Could you filter the records below and return each line that holds "Ethiopian"?

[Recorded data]

···

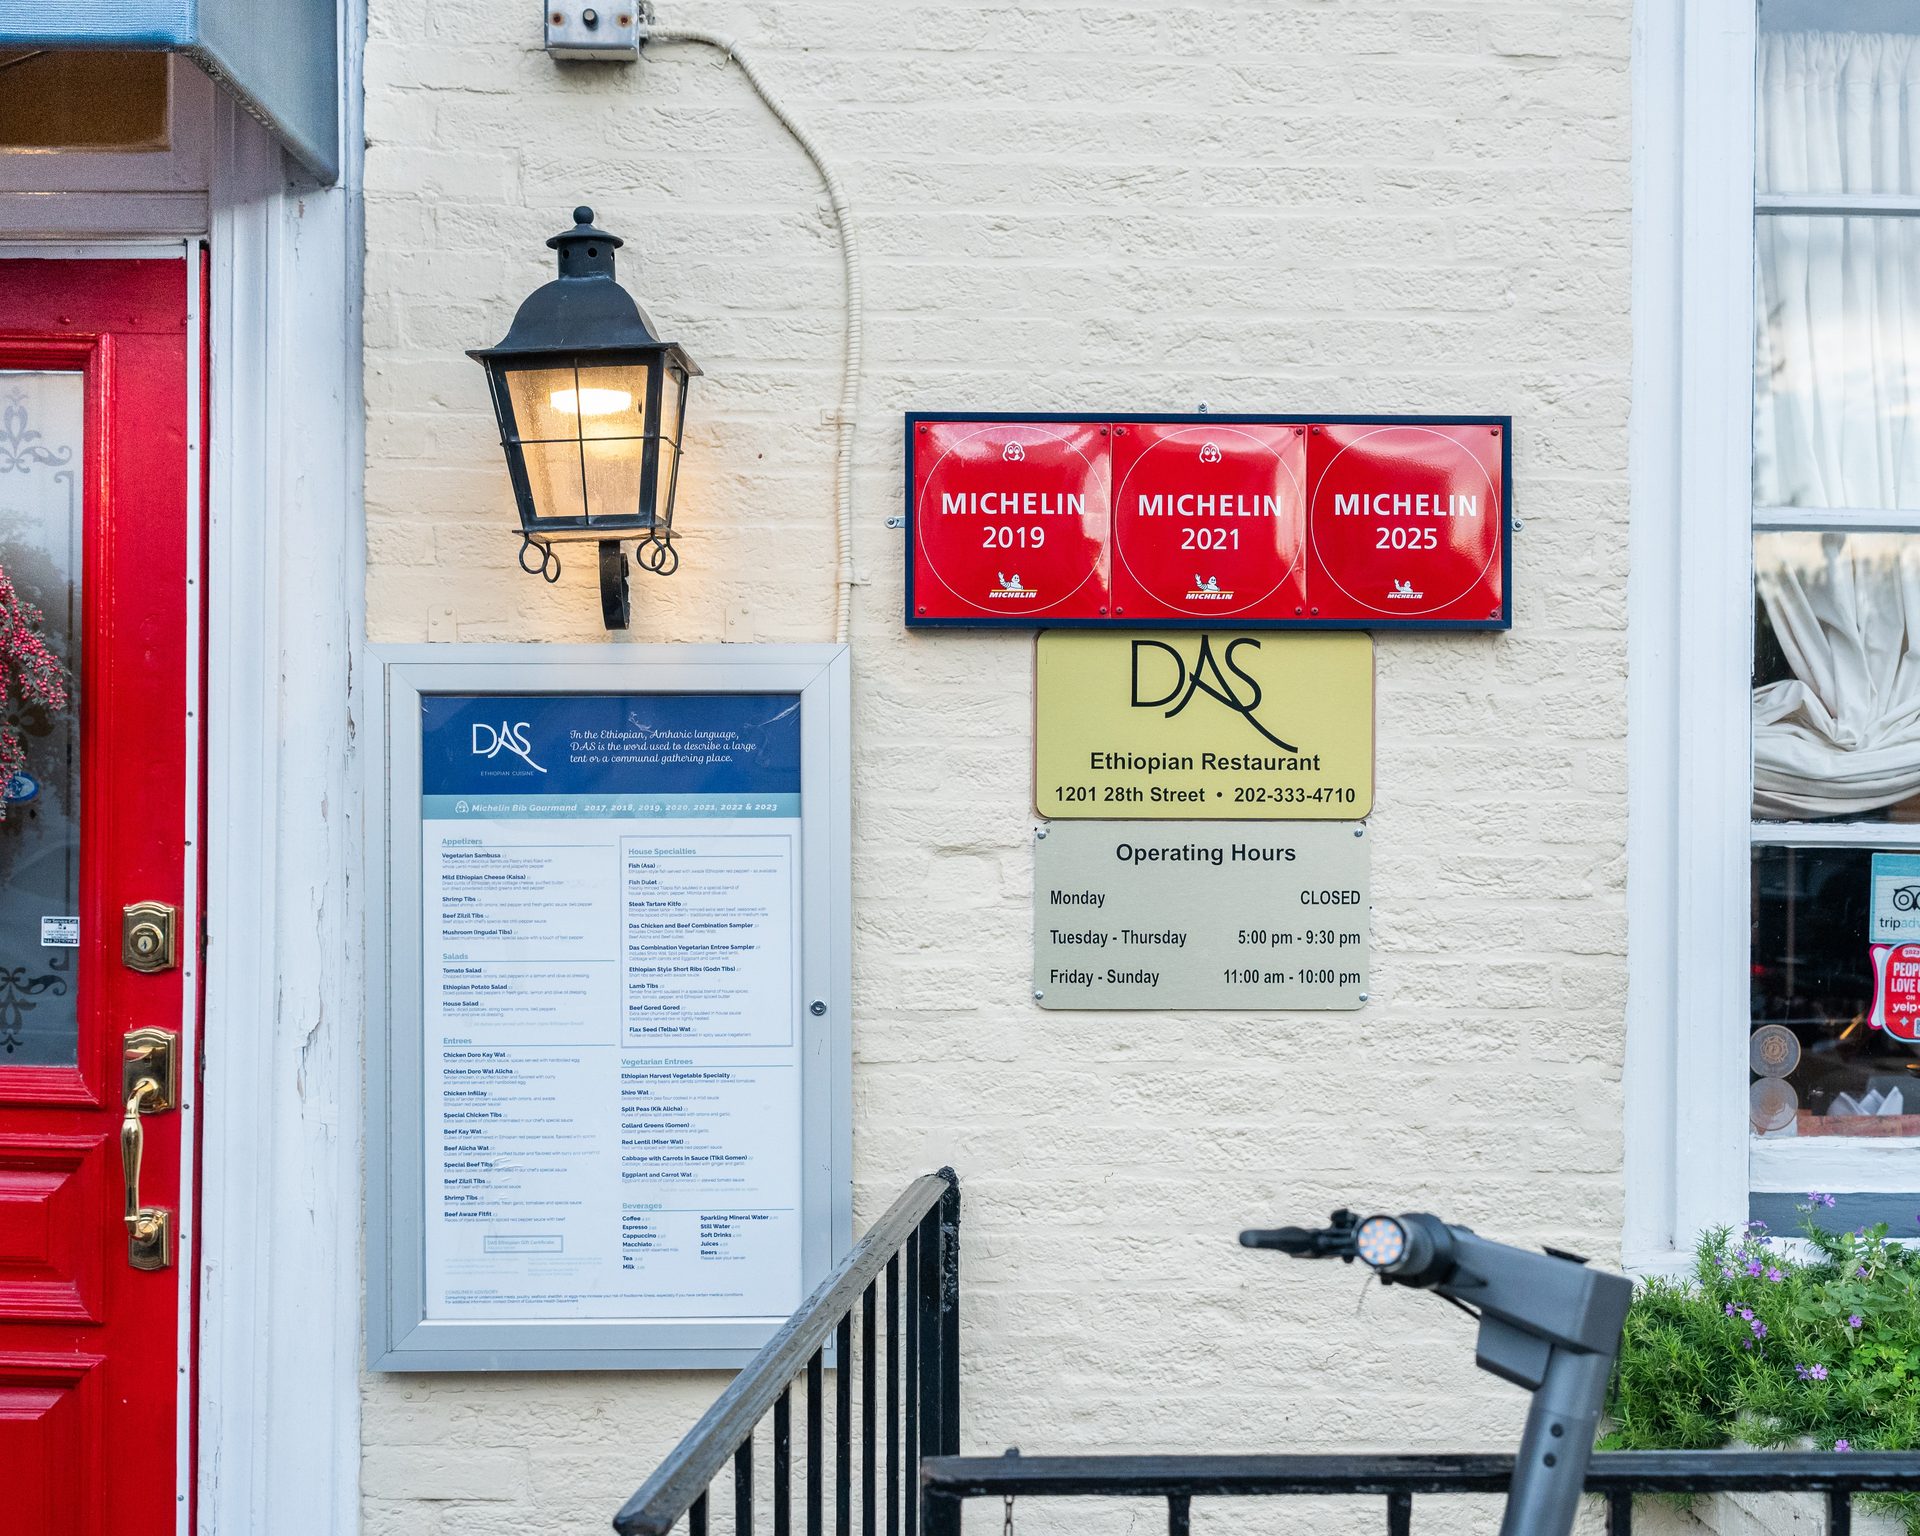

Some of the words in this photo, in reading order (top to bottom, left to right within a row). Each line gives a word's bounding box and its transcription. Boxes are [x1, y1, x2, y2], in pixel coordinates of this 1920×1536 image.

[942, 492, 1086, 516] MICHELIN
[1138, 494, 1282, 518] MICHELIN
[1334, 493, 1477, 517] MICHELIN
[982, 526, 1046, 549] 2019
[1180, 528, 1241, 551] 2021
[1375, 528, 1438, 550] 2025
[988, 591, 1037, 599] MICHELIN
[1185, 592, 1234, 600] MICHELIN
[1131, 634, 1298, 754] DAS
[569, 729, 583, 740] In
[584, 730, 599, 739] the
[600, 730, 648, 741] Ethiopian,
[649, 730, 693, 739] Amharic
[694, 729, 739, 741] language,
[472, 720, 548, 773] DAS
[569, 742, 596, 751] DAS
[597, 742, 606, 751] is
[607, 742, 622, 750] the
[623, 742, 649, 750] word
[649, 742, 671, 750] used
[684, 741, 721, 750] describe
[732, 741, 756, 752] large
[570, 754, 588, 763] tent
[611, 753, 660, 763] communal
[661, 753, 704, 765] gathering
[706, 753, 733, 765] place.
[1090, 752, 1193, 774] Ethiopian
[1202, 752, 1321, 771] Restaurant
[1055, 787, 1097, 802] 1201
[1104, 787, 1144, 802] 28th
[1150, 787, 1205, 802] Street
[1234, 787, 1356, 803] 202-333-4710
[529, 804, 577, 812] Gourmand
[611, 804, 636, 812] 2018,
[638, 804, 663, 812] 2019,
[754, 803, 778, 812] 2023
[441, 837, 483, 846] Appetizers
[654, 848, 697, 856] Specialties
[1116, 843, 1224, 865] Operating
[1231, 843, 1296, 862] Hours
[1050, 891, 1105, 908] Monday
[1300, 890, 1361, 905] CLOSED
[1050, 930, 1108, 947] Tuesday
[1121, 929, 1187, 948] Thursday
[1238, 930, 1267, 945] 5:00
[1271, 933, 1293, 948] pm
[1306, 930, 1334, 945] 9:30
[1338, 933, 1361, 948] pm
[1050, 969, 1094, 987] Friday
[1106, 969, 1160, 987] Sunday
[1224, 969, 1260, 984] 11:00
[1263, 972, 1285, 984] am
[1298, 969, 1334, 984] 10:00
[1338, 972, 1361, 987] pm
[1891, 978, 1916, 993] LOVE
[1892, 1002, 1917, 1014] yelp
[621, 1058, 663, 1066] Vegetarian
[622, 1202, 663, 1210] Beverages

···

(Response to this exercise):
[600, 730, 648, 741] Ethiopian,
[1090, 752, 1193, 774] Ethiopian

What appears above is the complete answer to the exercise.